Detractors of Atlanta Public Safety Training Center project push for ballot referendum

Although the Atlanta City Council approved millions of dollars in funding for the Atlanta Public Safety Training Center on June 6, those in opposition have said the fight to stop the project, commonly known as Cop City, is not over.

On June 7, a group of protesters, including lawyers, gathered in Atlanta to announce plans to request that a referendum be added to ballots, allowing residents to vote in favor or against the project during upcoming November elections.

“On Monday and Tuesday, over 400 [people] spoke against Cop City for a combined 15 hours of public comment, but the [Atlanta City Council] refused to hear their demands,” states a press release from the group, “Now, organizers are fighting back, launching a public referendum for the city of Atlanta to repeal the lease to the Atlanta Police Foundation (APF) and take back the power of the residents to choose our path.”

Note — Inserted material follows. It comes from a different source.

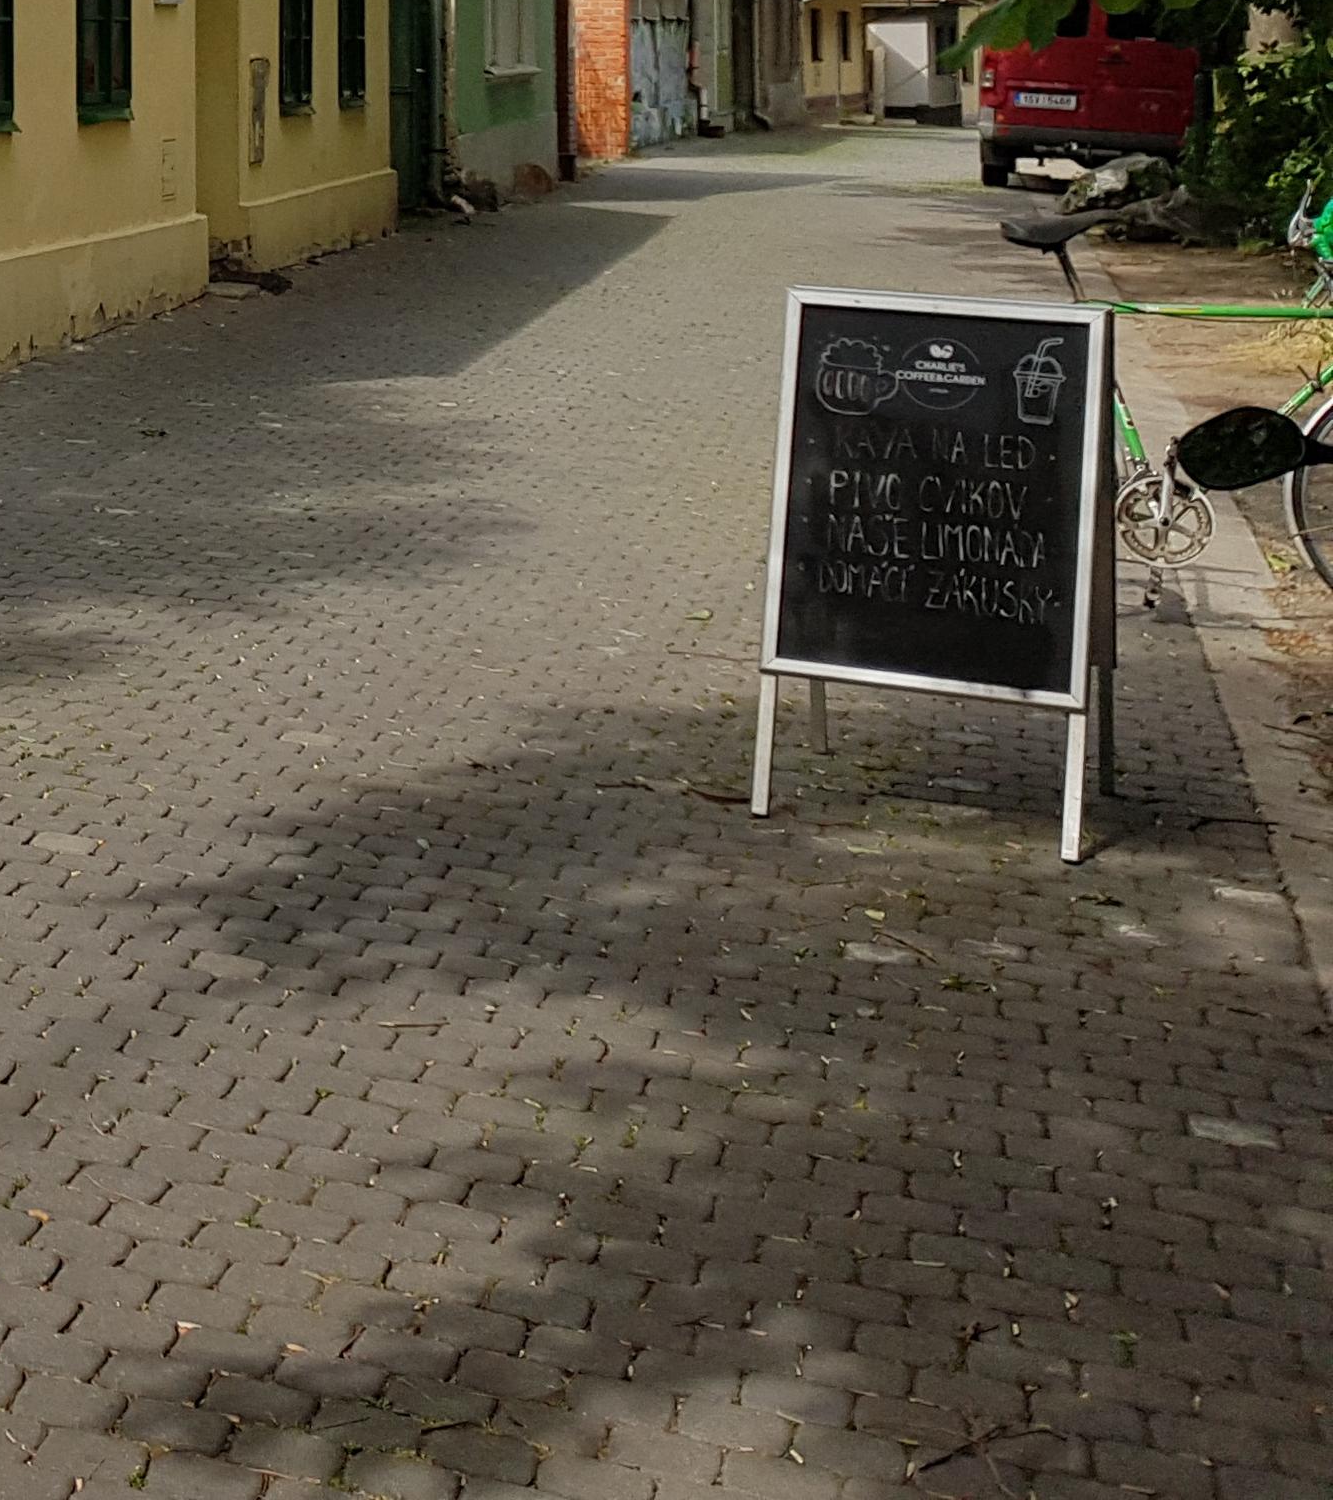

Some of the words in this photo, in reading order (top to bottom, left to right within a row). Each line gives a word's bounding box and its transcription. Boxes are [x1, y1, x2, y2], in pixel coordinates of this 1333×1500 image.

[915, 360, 967, 373] CHARLIE'S
[983, 434, 1036, 470] LED
[829, 469, 901, 510] PIVO

The release also states that over the next two months, organizers will try to gather tens of thousands of signatures to achieve the 75,000 necessary to qualify for the referendum process.

“Once the referendum language is approved by the city of Atlanta’s clerk, we can begin collecting petition signatures,” states the group’s website. “We have 60 days to collect 75,000 petition signatures from city of Atlanta registered voters to get the referendum on the November ballot.”

By law, the petition must meet certain criteria, including that signatures must come from those who were registered to vote in Atlanta in the 2022 election and must come from current residents of the city of Atlanta.

According to city of Atlanta and the Equality Foundation of Georgia officials, eligible city of Atlanta voters may cast ballots in Fulton County or DeKalb County, dependent upon where they reside, which are governed by two separate elections boards.

Alex Joseph, a local attorney who is helping to lead the legal effort and former member of the DeKalb County Board of Ethics, said the referendum campaign is modeled after a successful effort in coastal Georgia where Camden County residents voted last year to block county officials from building a launchpad for sending commercial rockets into space, according to Associated Press.

“The Georgia Supreme Court in February unanimously upheld the legality of the Camden County referendum, though it remains an open question whether citizens can veto decisions of city governments,” the AP article states. “Joseph said she expects city officials to file legal challenges to try to halt the effort, but that she and other attorneys are working to ensure that the referendum passes legal muster.”

After the vote to fund the Atlanta Public Safety Training Center passed, DeKalb County Commissioner Ted Terry released a statement that read, in part, “though this is a setback, this is not the end.”

“I have and will continue to argue that much of the pain and suffering this ill-fated plan has caused could be remedied by developing the site somewhere else. I still don’t believe it is too late to change the location,” stated Terry. “We also still believe that this site location and the development pattern approved is a violation of the Federal Clean Water Act and expect to have our day in court soon. If this appeal fails in Superior Court, we reserve our right to appeal to the federal level.”